Qual Reforma Política?
 

Os gregos inventaram a democracia, os ingleses instituíram a representação parlamentar, os americanos criaram o presidencialismo e o sistema de checks and balances e os alemães inovaram com o sistema proporcional personalizado. Nós, brasileiros, adeptos que somos do ecletismo, resolvemos misturar tudo isto numa verdadeira salada institucional. Como a versão tupiniquim do modelo alemão prescreve que o cálculo proporcional para a distribuição das cadeiras aos partidos seja feito por unidade federativa, deixando intocadas as distorções na representação advindas da atual distribuição de cadeiras por estados, poderemos, num futuro próximo, estar proclamando a seguinte máxima: cada cabeça, dois votos e o voto de cada um não tem o mesmo valor que o voto de qualquer outro. 

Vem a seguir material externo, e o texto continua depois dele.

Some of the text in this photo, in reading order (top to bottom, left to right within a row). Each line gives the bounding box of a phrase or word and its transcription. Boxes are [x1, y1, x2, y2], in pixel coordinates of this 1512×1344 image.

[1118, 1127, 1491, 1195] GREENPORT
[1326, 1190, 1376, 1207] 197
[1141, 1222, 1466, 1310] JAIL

Se é verdade que o sistema proporcional, tal como praticado no Brasil, está repleto de distorções que violam a vontade do eleitor e desrespeitam o princípio de igualdade política, interessa indagar se a adoção do sistema distrital misto contribuirá para aperfeiçoar ou, pelo contrário, para deteriorar a ordem democrática. A resposta a esta questão deverá ser buscada não apenas nas virtudes ou nos defeitos do arranjo institucional proposto, mas na sua compatibilidade com as condições vigentes na sociedade brasileira e com as demais instituições políticas, especialmente as relações entre os poderes, o sistema partidário e o modelo de organização legislativa praticado na Câmara dos Deputados. Em outras palavras, trata-se de perguntar sobre as políticas e os resultados esperados de um sistema político operando concomitantemente com voto distrital misto, presidencialismo e pluripartidarismo, ademais trata-se de considerar as regras que informam a organização legislativa e que são responsáveis, como ensina Krehbiel, pela alocação de recursos e pela atribuição de direitos parlamentares a legisladores individuais ou a grupos de legisladores. 

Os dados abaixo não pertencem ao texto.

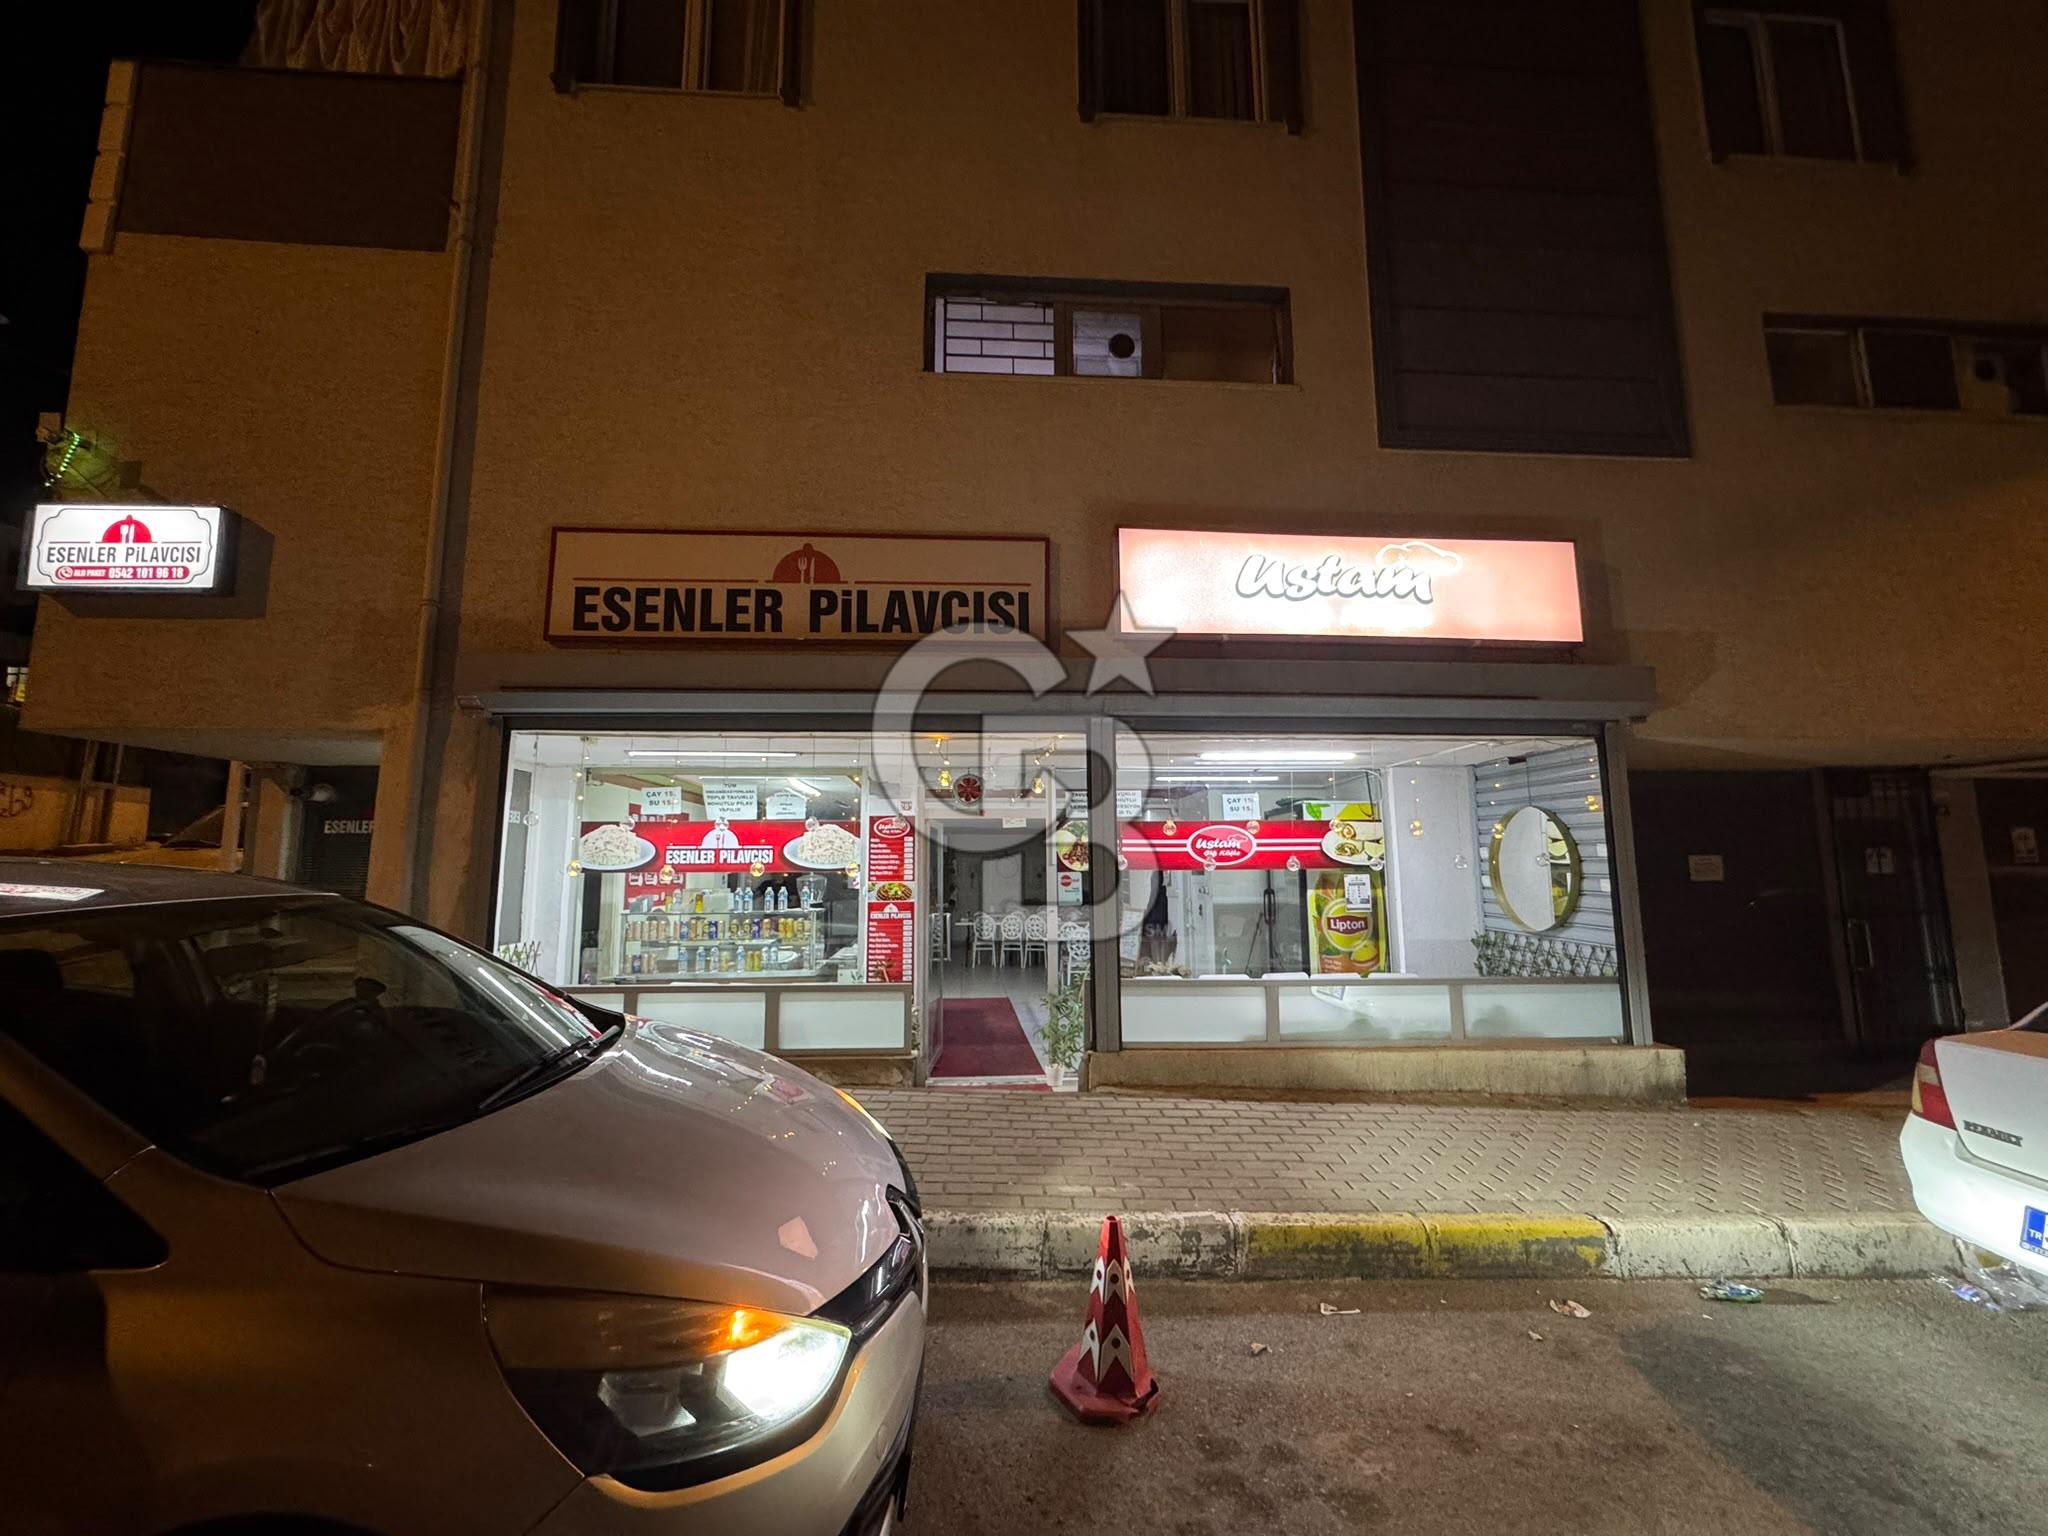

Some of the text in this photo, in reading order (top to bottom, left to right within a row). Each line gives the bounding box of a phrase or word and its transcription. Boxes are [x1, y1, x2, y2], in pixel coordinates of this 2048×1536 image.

[47, 546, 201, 563] ESENLER PiLAVCISI
[108, 567, 134, 579] 0542
[136, 568, 153, 579] 101
[171, 568, 184, 579] 18
[1235, 554, 1434, 604] Ustam
[573, 586, 1031, 634] ESENLER PiLAVCISI
[1195, 837, 1241, 850] Ustam
[666, 849, 715, 865] ESENLER
[1330, 918, 1366, 932] Lipton
[2029, 1228, 2043, 1241] TR

Segundo Dahl, não há uma democracia, mas várias. A partir de um piso mínimo de poliarquização, garantido pelo respeito aos direitos primários de todos os cidadãos, descortina-se um campo fértil de inventividade institucional, desde que seja assegurada a adequação do desenho institucional proposto às condições socioeconômicas e culturais vigentes em cada sociedade. Instituições não existem em um vazio sociológico e seu desempenho depende do contexto no qual elas operam. Quando se trata de reformar as instituições políticas brasileiras, creio ser prudente atentar para esta questão. A reforma terá tanto maiores chances de ser bem sucedida quanto mais ela for precedida de um diagnóstico acurado das condições sociais nas quais as novas instituições deverão inserir-se. 

O movimento ora em curso está inserido no ímpeto reformista que tem como principal objeto a Constituição brasileira de 1988. E, no que se refere às instituições políticas, as propostas mudancistas sempre vêm fundamentadas na busca de conciliação entre o princípio da representação democrática e aquele referido à eficiência governativa , a qual pressuporia, como assinala Fábio Wanderley Reis, a necessidade de "produção de maiorias sólidas e máquinas decisórias coesas e hábeis". 

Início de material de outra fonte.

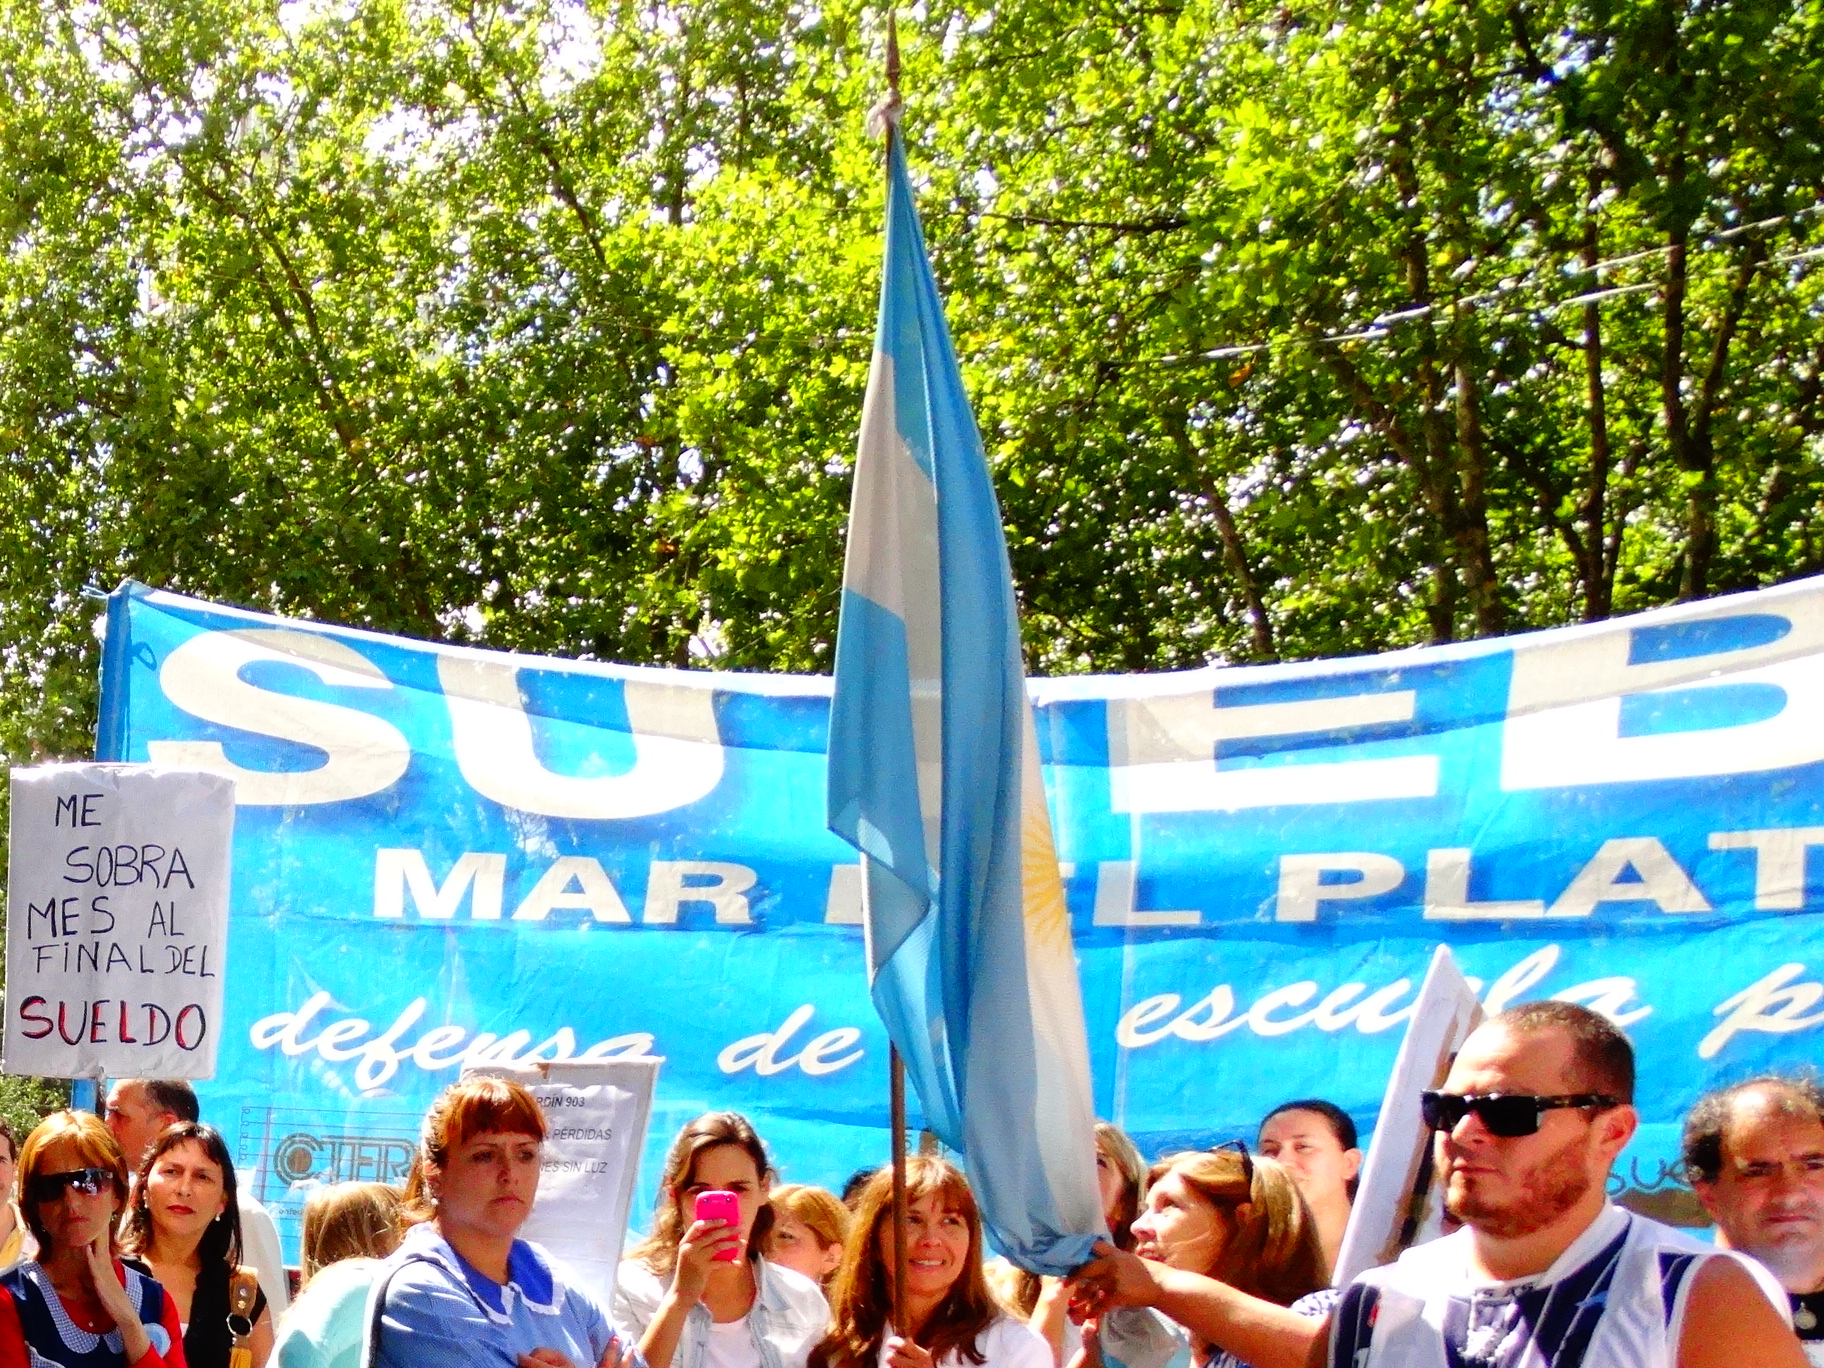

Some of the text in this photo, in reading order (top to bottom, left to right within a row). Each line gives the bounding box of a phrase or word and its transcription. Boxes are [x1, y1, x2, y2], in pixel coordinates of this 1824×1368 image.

[55, 794, 104, 828] ME
[63, 844, 195, 889] SOBRA
[377, 848, 757, 926] MAR
[27, 896, 185, 940] MES AL
[165, 945, 216, 978] DEL
[19, 995, 207, 1051] SUELDO
[249, 991, 865, 1090] defensa de
[565, 1096, 585, 1108] 903
[552, 1126, 613, 1141] PÉRDIDAS
[562, 1161, 582, 1173] SIN
[584, 1161, 608, 1173] LUZ

O primeiro ponto a ser explorado neste texto refere-se exatamente ao desafio contido em toda e qualquer ordem democrática: ser capaz de construir o consenso e de processar institucionalmente o conflito e a diferença. A legitimidade e a estabilidade democrática estão, ambas, relacionadas à capacidade institucional do sistema político de produzir consenso sem anular a possibilidade da expressão política do dissenso. Tal desafio pode, em certas condições, significar ter que governar com coalizões de minorias ao invés de sucumbir à tentação de formar maiorias artificiais. Não necessariamente um governo estável e eficiente precisa estar assentado em maiorias sólidas. Nas sociedades heterogêneas, atravessadas por clivagens profundas, a governança está relacionada à possibilidade de formação de coalizões partidárias amplas. Não é preciso abrir mão da representatividade em nome da eficácia governativa e da estabilidade; pelo contrário, como afirma Lijphart, há contextos em que a heterogeneidade da sociedade informa a necessidade de adoção do modelo consensual, para permitir a expressão política das minorias portadoras de identidades inegociáveis e de preferências intensas.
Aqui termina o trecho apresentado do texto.